# WORK TASK:
Copy the records that follow exactly as written, but not their pictures.

[Entries taken from a collection]

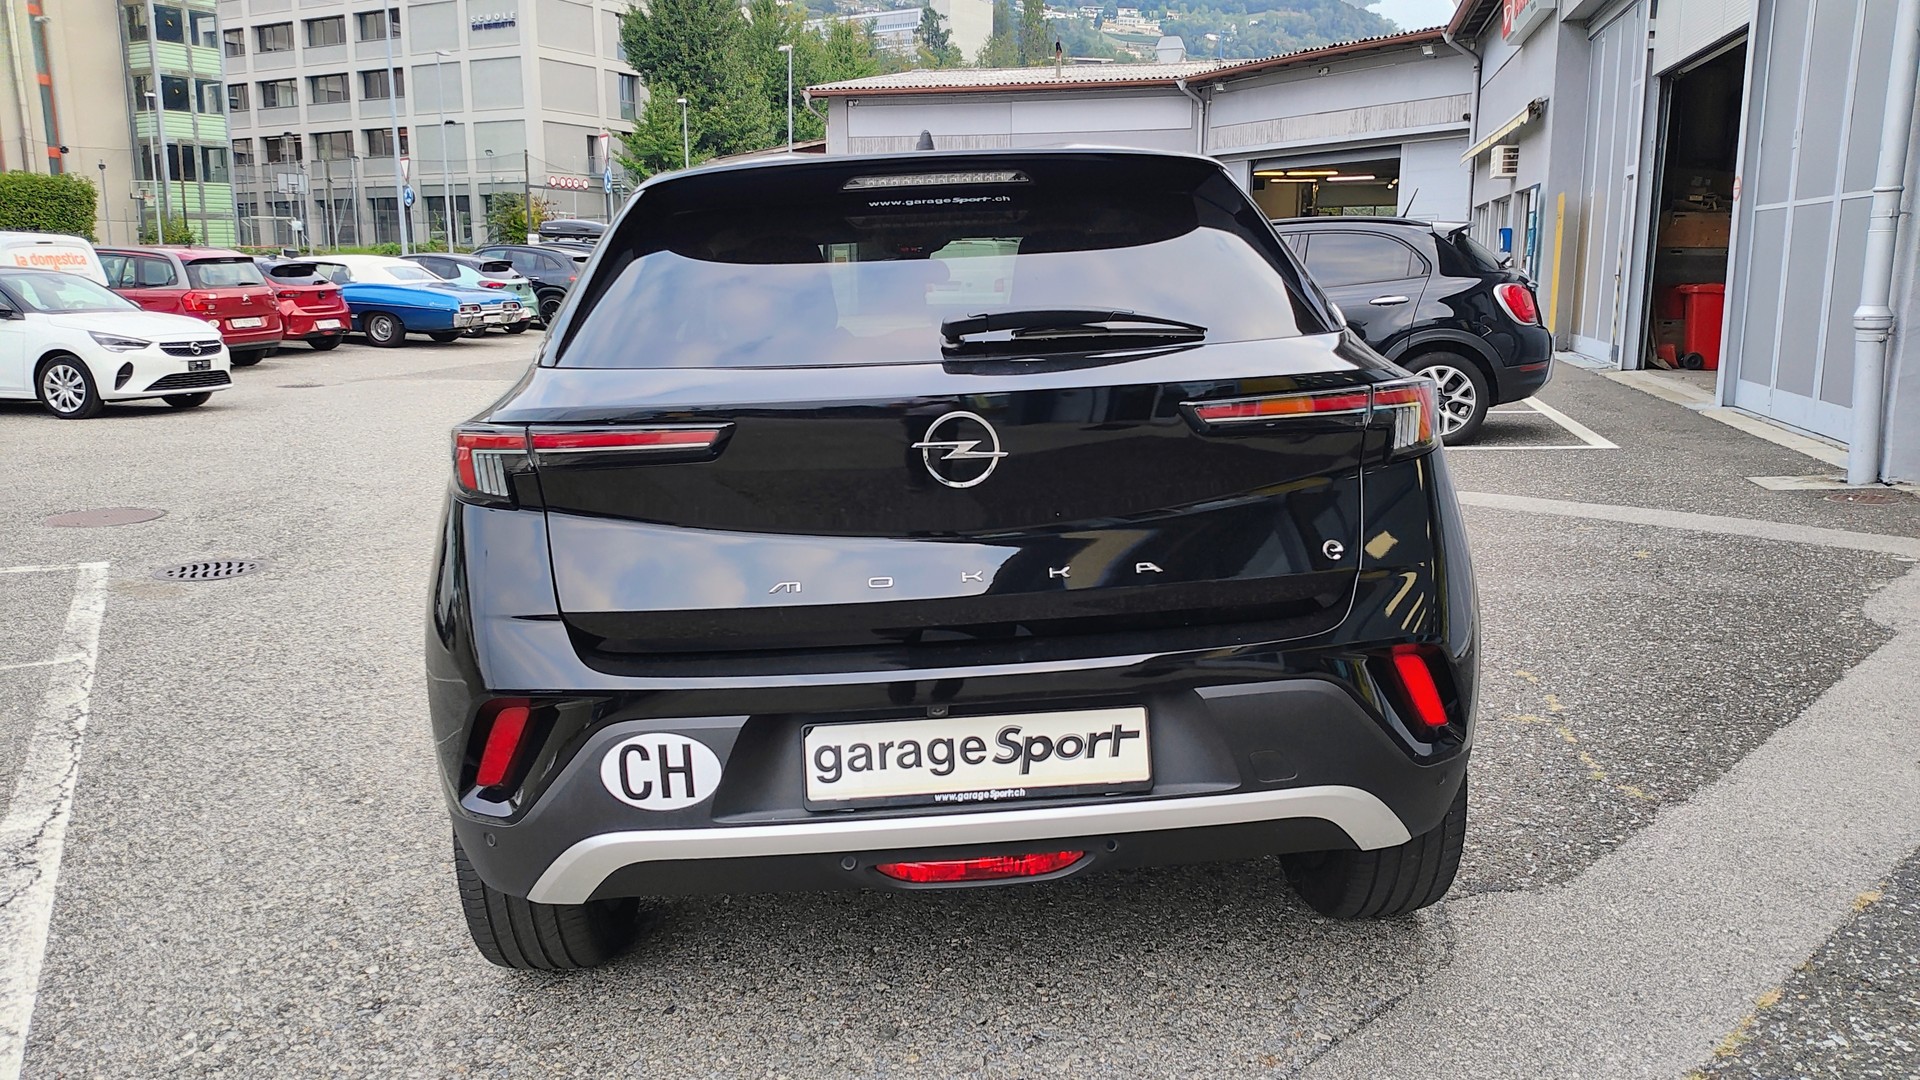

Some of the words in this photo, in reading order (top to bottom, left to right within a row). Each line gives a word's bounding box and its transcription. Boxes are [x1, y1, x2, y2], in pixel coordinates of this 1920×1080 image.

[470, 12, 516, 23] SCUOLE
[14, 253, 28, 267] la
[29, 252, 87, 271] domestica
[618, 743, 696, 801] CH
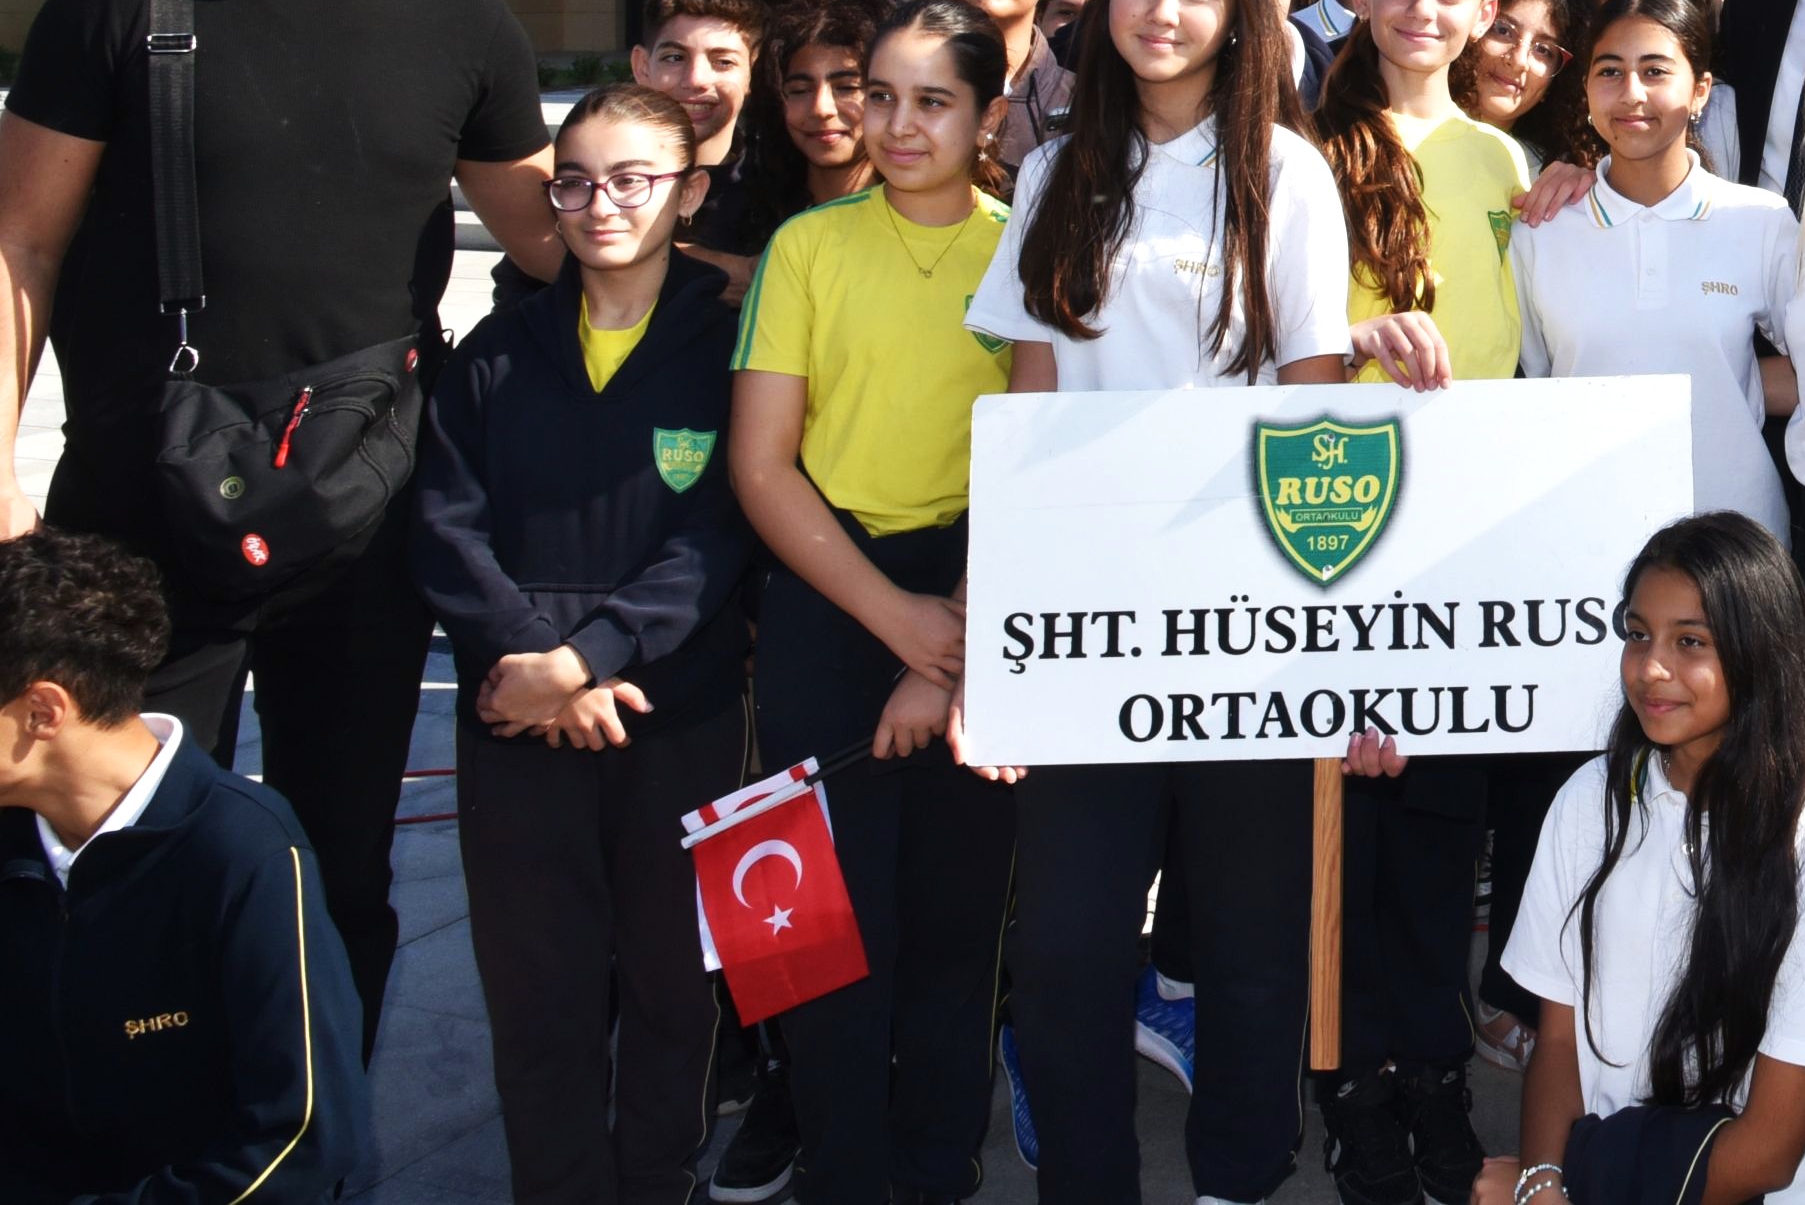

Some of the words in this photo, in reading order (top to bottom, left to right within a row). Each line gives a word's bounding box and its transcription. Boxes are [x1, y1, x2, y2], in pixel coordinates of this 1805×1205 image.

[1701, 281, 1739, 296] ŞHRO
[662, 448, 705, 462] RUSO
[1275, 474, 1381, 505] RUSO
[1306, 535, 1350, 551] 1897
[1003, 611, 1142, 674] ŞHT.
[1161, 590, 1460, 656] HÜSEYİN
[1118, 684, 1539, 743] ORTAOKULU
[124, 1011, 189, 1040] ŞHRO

# RESULT FOR THIS TASK:
Some of the words in this photo, in reading order (top to bottom, left to right within a row). Each line gives a word's bounding box and its transcription. Boxes are [x1, y1, x2, y2], in pixel coordinates of this 1920×1080 image.

[470, 12, 516, 23] SCUOLE
[14, 253, 28, 267] la
[29, 252, 87, 271] domestica
[618, 743, 696, 801] CH

Some of the words in this photo, in reading order (top to bottom, left to right within a row). Each line gives a word's bounding box and its transcription. Boxes are [x1, y1, x2, y2], in pixel coordinates of this 1805×1205 image.

[1701, 281, 1739, 296] ŞHRO
[662, 448, 705, 462] RUSO
[1275, 474, 1381, 505] RUSO
[1306, 535, 1350, 551] 1897
[1003, 611, 1142, 674] ŞHT.
[1161, 590, 1460, 656] HÜSEYİN
[1118, 684, 1539, 743] ORTAOKULU
[124, 1011, 189, 1040] ŞHRO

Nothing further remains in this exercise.